If we told you that last week, we learned from electronic messages that the child of an American president sexually harassed his former receptionist (19 years his junior) and refused to send her her final paycheck until she agreed to let him watch her shower over Face-Time, you’d probably think we were making it up – because that’s indescribably vile and you never heard about it!  But we didn’t make it up.  It’s true.  You just didn’t hear about it because the presidential offspring in question is named Hunter and not Don Jr.

Anyway, you get the point: when Republicans do something it’s pure evil, but when Democrats do it, it’s just the way things go.  Ain’t no new news here.

The Daily Mail continues with the story of the migrants leaving the Big Apple, however, getting to the bigger story:

Numerous migrants traveling to Canada reported being disgusted by the conditions they faced in NYC, where they felt at risk from homeless people and drug users.

‘I wanted to live in New York because I thought it would be a better future for my daughters,’ said 33-year-old Peruvian Susy Sanchez Solzarno, who was traveling with her family. ‘But as the days went by, I saw insecurity, many homeless people, many people who shout and are disrespectful, and many people on drugs.’

‘I am going to Canada for the safety and future of my girls,’ she told The Post. ‘I only ask God that everything goes well and that Canada is not like the United States.’ 

Manuel Rodon, a 26-year-old from Venezuela, said he was kicked out of the Times Square hotel where he’d initially been housed and sent to a shelter where he felt unsafe.

‘A lot of the Americans used drugs there,’ Rodon said. ‘I feel like Canada will be safer. It is a much quieter country than America.’

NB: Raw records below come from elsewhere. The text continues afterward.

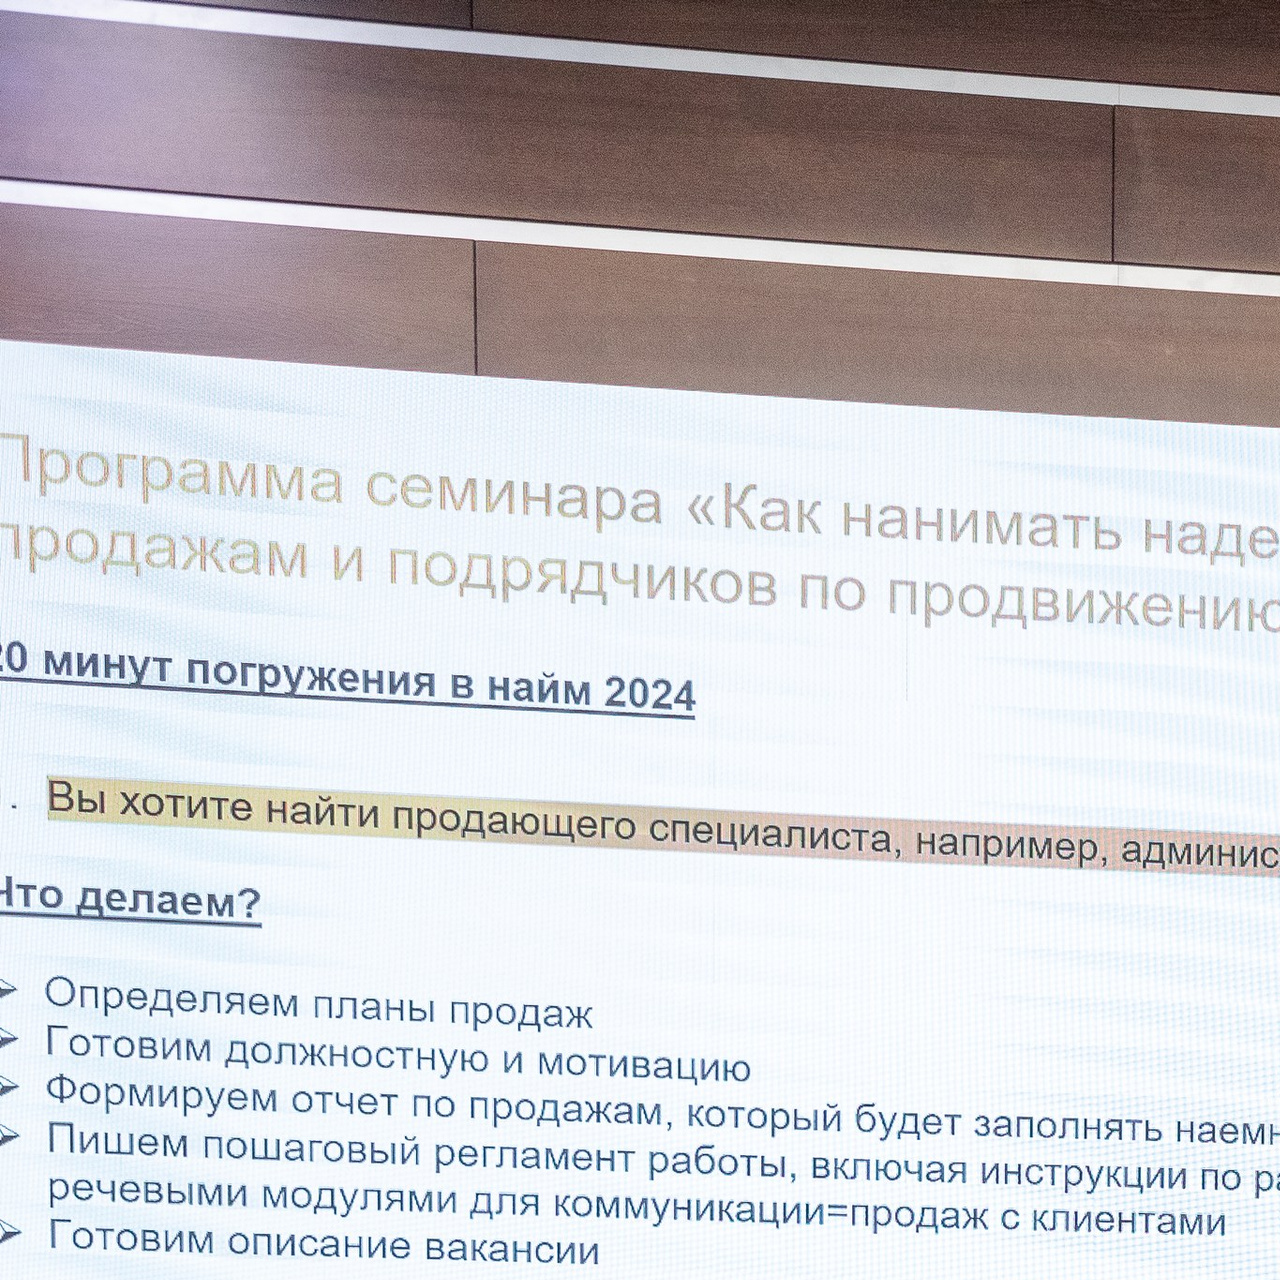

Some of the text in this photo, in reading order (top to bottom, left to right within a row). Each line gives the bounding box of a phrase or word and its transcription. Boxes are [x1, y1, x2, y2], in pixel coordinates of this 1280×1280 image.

[366, 471, 663, 534] семинара
[687, 481, 822, 535] «Как
[843, 501, 1123, 551] нанимать
[332, 544, 364, 583] и
[389, 548, 778, 607] подрядчиков
[800, 573, 867, 612] по
[0, 640, 697, 712] 0 минут погружения в найм 2024
[48, 779, 106, 815] Вы
[120, 791, 253, 822] хотите
[266, 795, 379, 829] найти
[393, 806, 637, 844] продающего
[649, 818, 902, 859] специалиста,
[916, 832, 1108, 869] например,
[75, 884, 261, 920] делаем?
[44, 974, 593, 1033] Определяем планы продаж
[46, 1023, 752, 1086] Готовим должностную и мотивацию
[45, 1072, 278, 1119] Формируем
[291, 1089, 399, 1117] отчет
[412, 1093, 456, 1119] по
[469, 1095, 673, 1131] продажам,
[687, 1103, 842, 1139] который
[854, 1102, 963, 1143] будет
[973, 1114, 1164, 1143] заполнять
[48, 1120, 189, 1158] Пишем
[203, 1134, 420, 1166] пошаговый
[434, 1143, 636, 1175] регламент
[648, 1143, 797, 1183] работы,
[811, 1156, 968, 1184] включая
[980, 1161, 1188, 1196] инструкции
[1200, 1167, 1242, 1192] по
[48, 1177, 1226, 1237] речевыми модулями для коммуникации=продаж с клиентами
[49, 1217, 599, 1266] Готовим описание вакансии
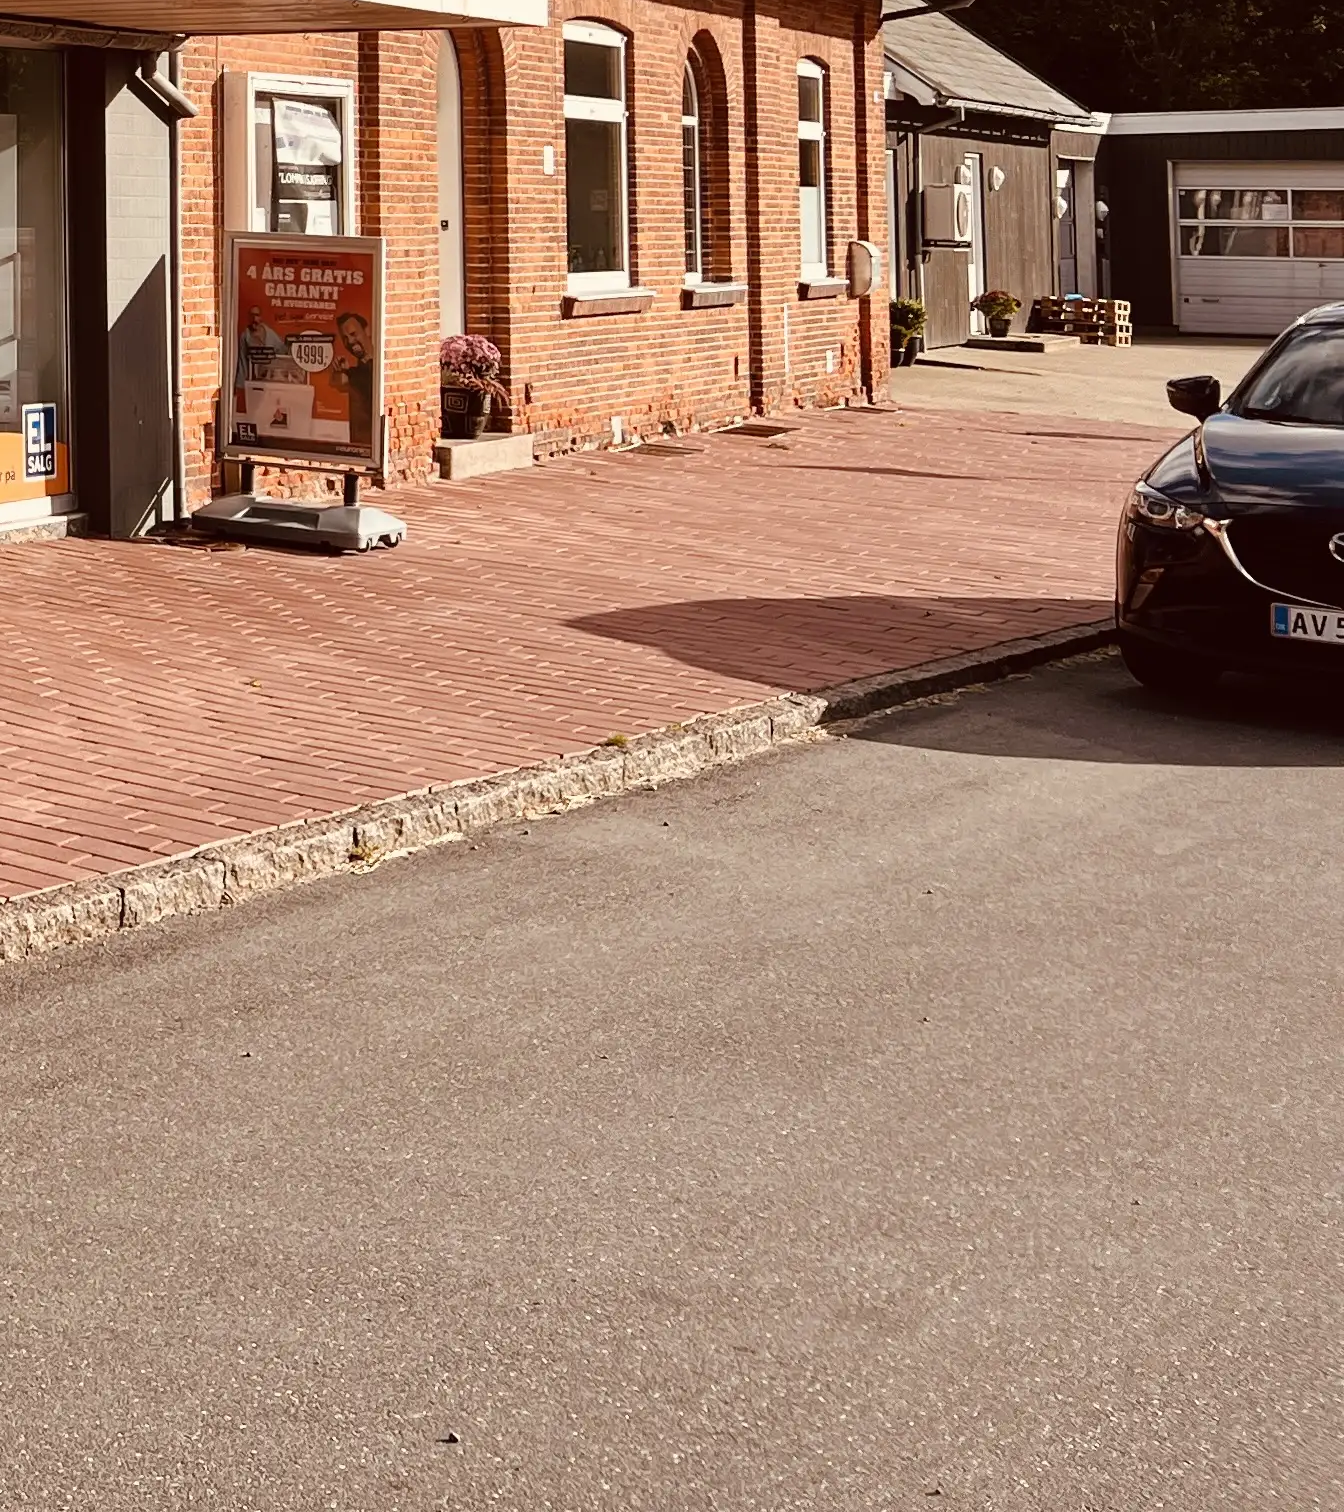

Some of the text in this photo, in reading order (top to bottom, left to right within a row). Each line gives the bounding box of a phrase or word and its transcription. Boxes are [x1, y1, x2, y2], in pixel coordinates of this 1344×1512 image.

[247, 262, 364, 285] 4 ÅRS GRATIS
[26, 412, 52, 454] EL
[27, 453, 52, 473] SALG
[5, 466, 17, 484] på
[1292, 612, 1328, 636] AV
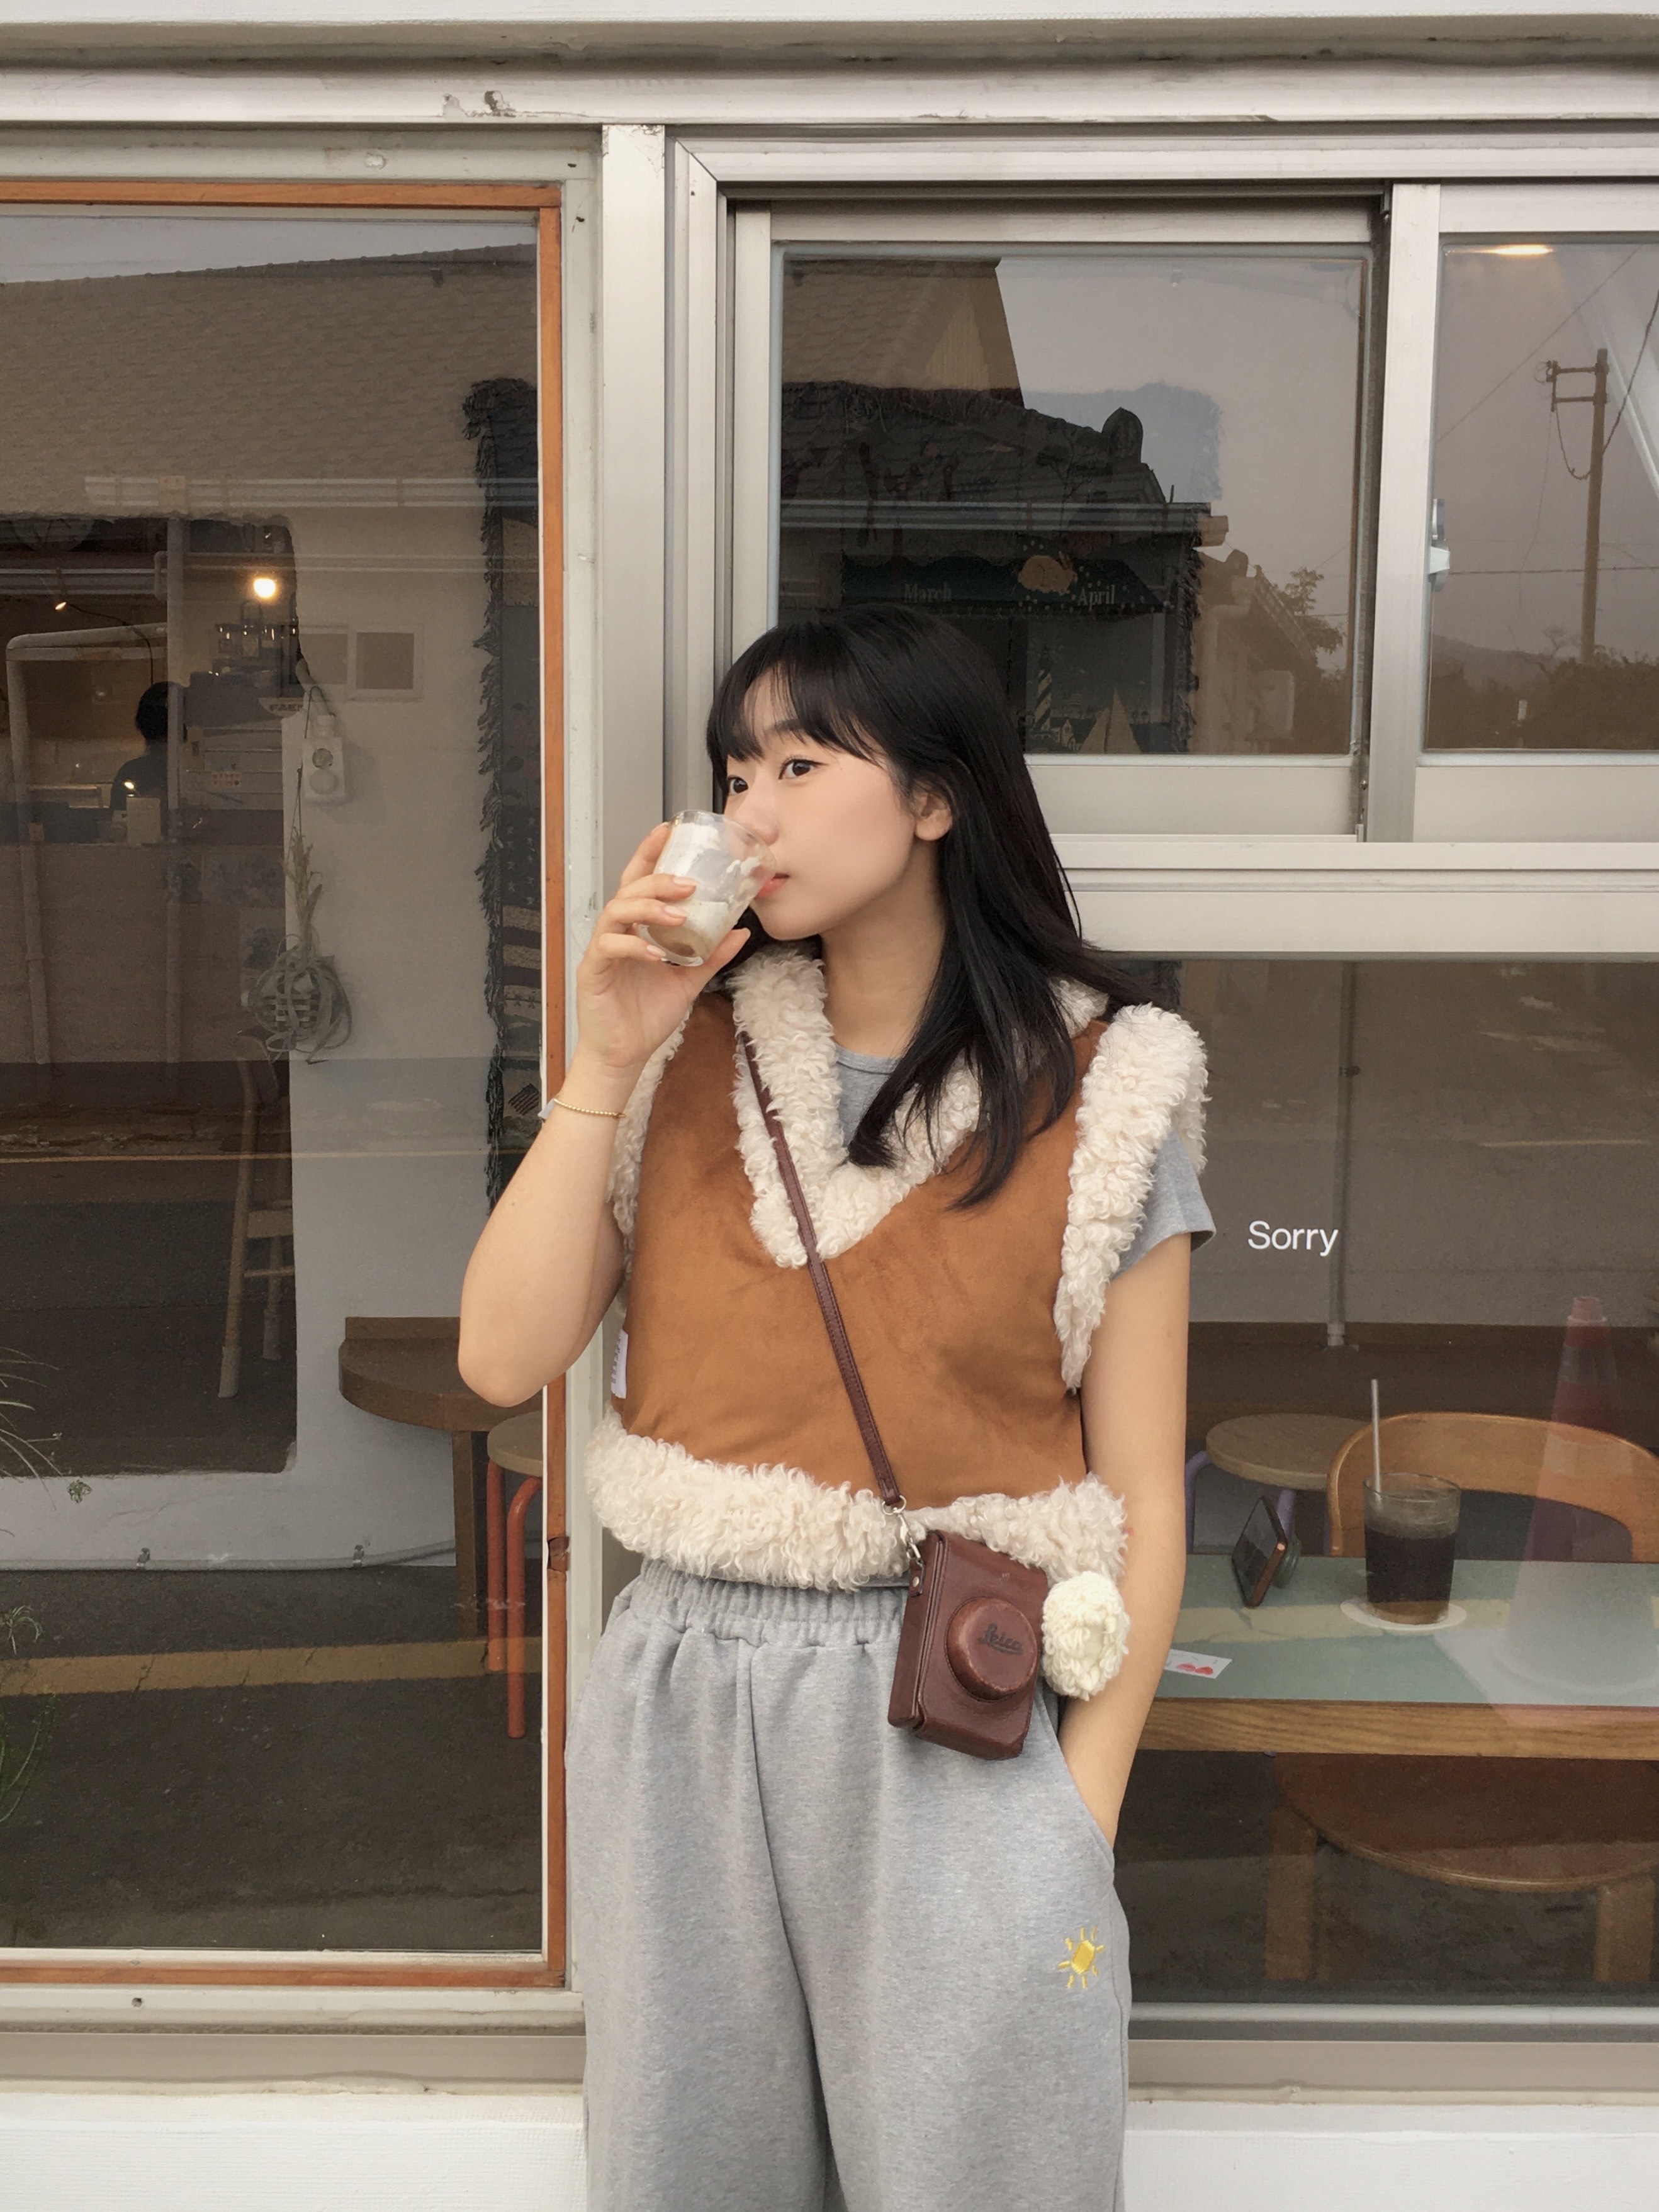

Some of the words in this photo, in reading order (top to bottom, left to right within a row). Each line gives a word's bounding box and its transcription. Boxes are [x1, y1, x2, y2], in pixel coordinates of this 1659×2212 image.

[904, 581, 952, 603] March
[1077, 584, 1115, 612] April
[1247, 1220, 1339, 1257] Sorry
[977, 1622, 1024, 1656] Leica

How’s that for a kick in the pants?  Yesterday – the day the Mail published this piece – was Ronald Reagan’s birthday.  And his/John Winthrop’s City on a Hill has become, in many cases, a place from which migrants from Peru and Venezuela (Vene-freaking-zuela, for crying out loud!) can’t wait to escape.

This didn’t happen by accident, of course.  America’s cities didn’t turn into human garbage dumps overnight or by chance.  This was done purposefully and unapologetically.  And it is still defended and celebrated by most of the political establishment today.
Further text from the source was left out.